The first reports of giant figures ominously perched on mountaintops date back to the 1700s, when the Spanish first came to California. They were actually the first to dub these mysterious strangers “los Vigilantes Oscuros” (the dark watchers), but the first Anglo-American settlers that came after them reported similar sightings, and the figures eventually became part of the local folklore. The strange thing is that dark watchers still show themselves to hikers in the Santa Lucia Mountains, and some have even been captured on camera.

Photo: Stefano Pollio/Unsplash

SFGate managing editor Katie Dowd recently wrote a piece on California’s dark watchers and their history, as well as possible explanations to their existence. An interesting fact mentioned in the article is American writer John Steinbeck’s experience with the dark watchers. Steinbeck, who grew up in Salinas, apparently saw them himself and even included them in his 1938 short story, “Flight”, about a boy who kills a man and is forced to flee into the Santa Lucia Mountains.

“When thou comest to the high mountains, if thou seest any of the dark watching men, go not near to them nor try to speak to them,” the main character’s mother tells him in the book.

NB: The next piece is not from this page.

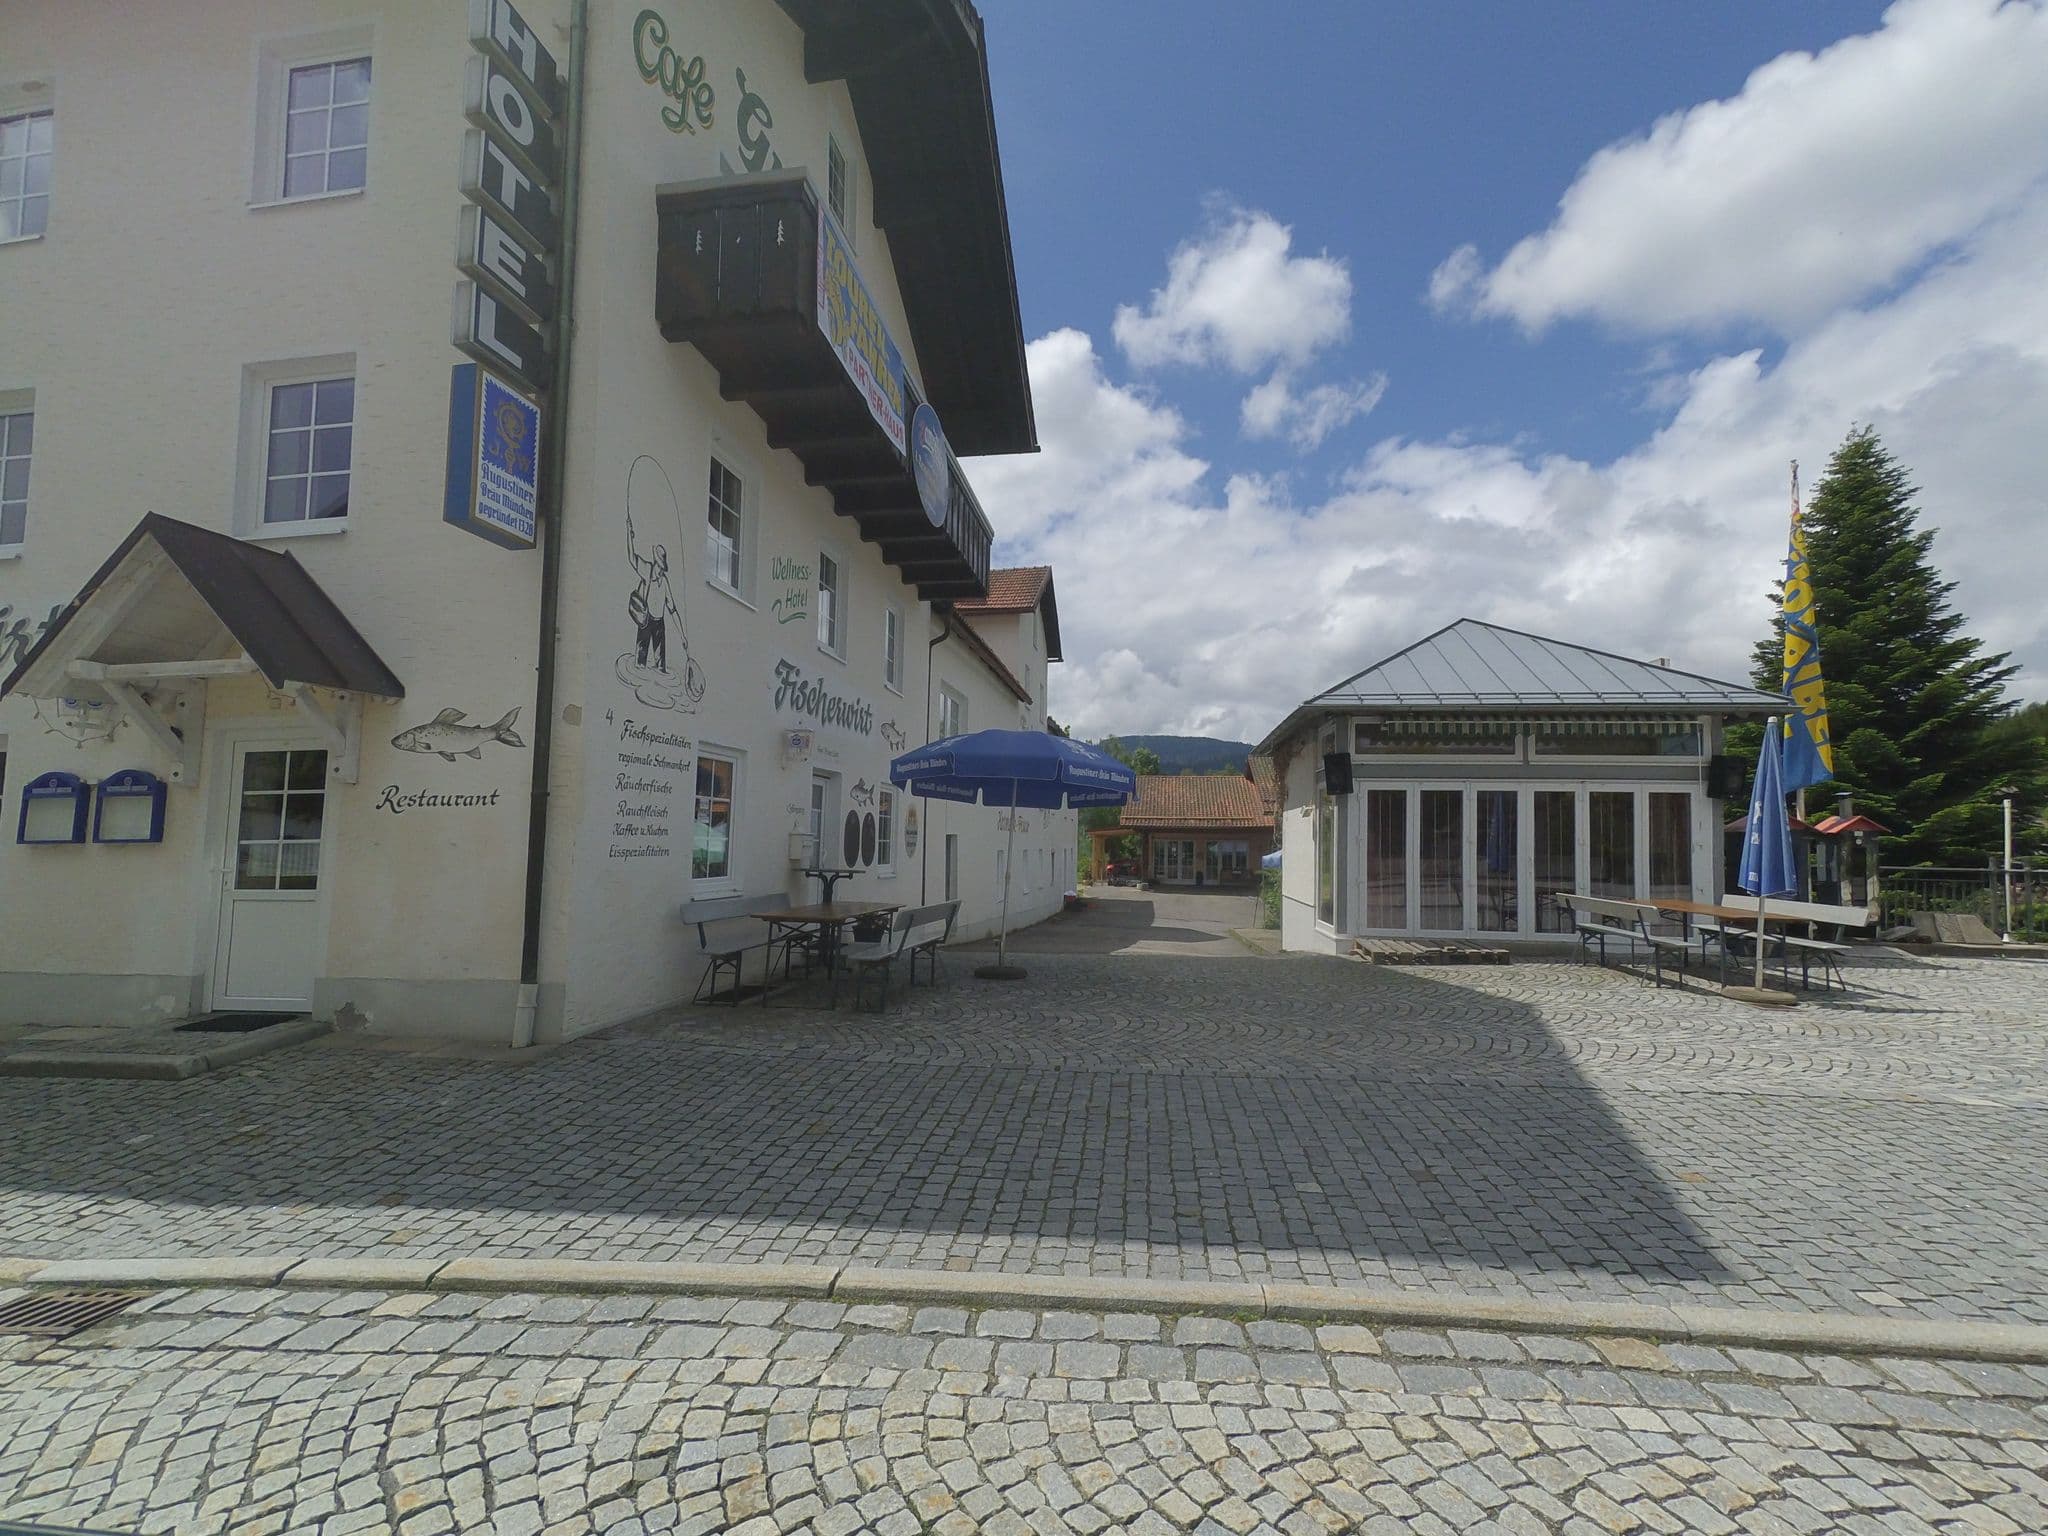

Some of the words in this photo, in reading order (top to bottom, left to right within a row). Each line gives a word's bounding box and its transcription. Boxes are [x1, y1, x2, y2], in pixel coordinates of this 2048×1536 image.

It turns out that Steinbeck’s family had some sort of experience with the mysterious dark watchers. His mother, Olivia, would bring them gifts like fruit or flowers, as was customary in the community, and the writer’s son, Thomas, went on to co-author a book about the mysterious figures.

According to local stories, no one has seen a dark watcher up close, as even when brave hikers try to approach them, they magically disappear. While some believe them to by cryptids, like the Sasquatch or Bigfoot, most scientists believe that they are the nothing more than examples of pareidolia or simple optical illusions.

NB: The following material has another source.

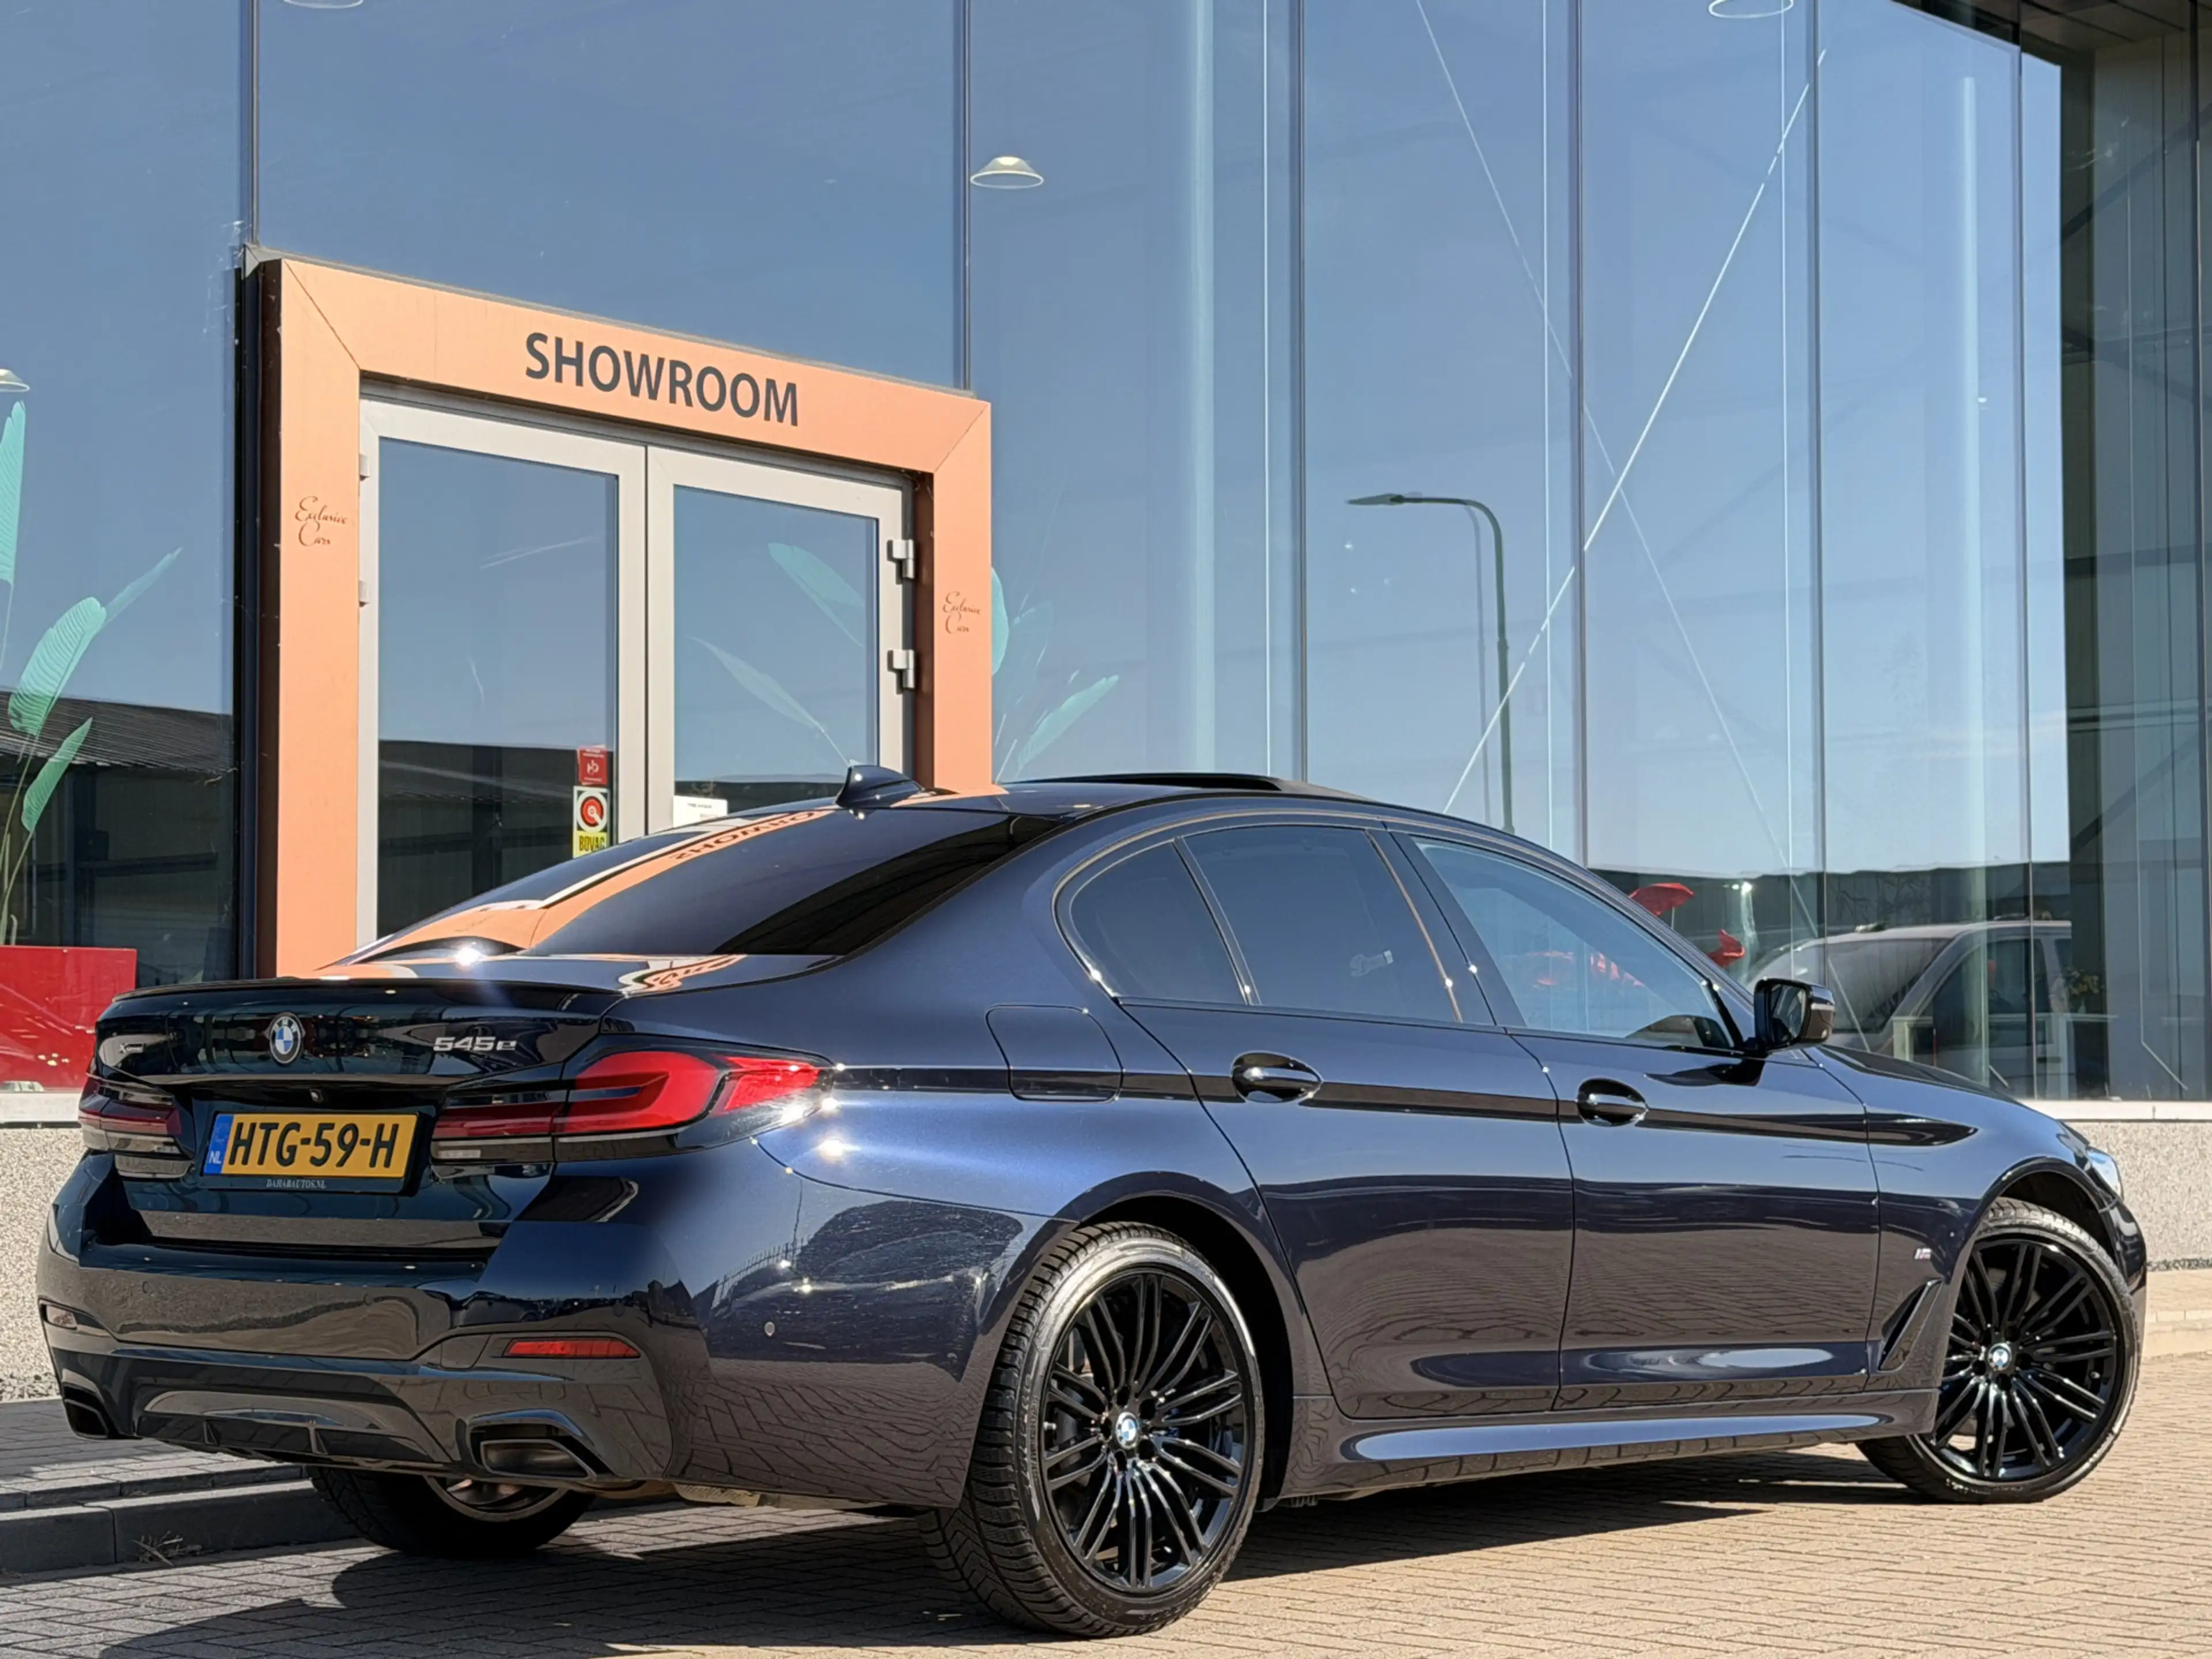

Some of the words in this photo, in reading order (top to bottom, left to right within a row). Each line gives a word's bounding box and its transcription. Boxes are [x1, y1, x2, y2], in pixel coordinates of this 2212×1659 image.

[525, 332, 798, 427] SHOWROOM
[433, 1036, 517, 1052] 545e
[208, 1151, 222, 1164] NL
[228, 1122, 400, 1168] HTG-59-H

You know when you look at a fluffy white cloud and start to spot a resemblance to a rabbit or a even a human figure, or when you start seeing faces in the surface of the moon at night? Well, that’s pareidolia, and for many this explains the sightings of the Dark Watchers in the Santa Lucias.

Another likely explanation is a natural optical illusion known as the Brocken spectre, after the Harz Mountains’ Brocken Peak, where locals have also been reporting sightings of shadowy silhouettes. The phenomenon actually became a muse for writers like Lewis Carroll and Samuel Taylor Coleridge, which used Brocken as a byword for high strangeness.


“In reality, the Brocken spectre … happens when shadows — like those of a hiker — are cast on particularly misty mountain peaks. If the sun is behind the observer, the mist plays with the shadow, making it look huge and menacing,” Katie Dowd wrote in her article.

Apparently, the phenomenon is more frequent in the Harz Mountains, where fogs regularly forms at low altitudes, it can occur on virtually misty mountainside when the sun is at your back and the clouds are below you. The dark figure, which often has a rainbow halo around it can disappear if you move, or if the mist shifts, which would explain why the dark watchers are usually seen for only a few moments.


Basically, hikers reporting dark watcher sightings may be the actual dark watchers. It’s only a theory, one I’m sure many believers in esoterism will promptly contest.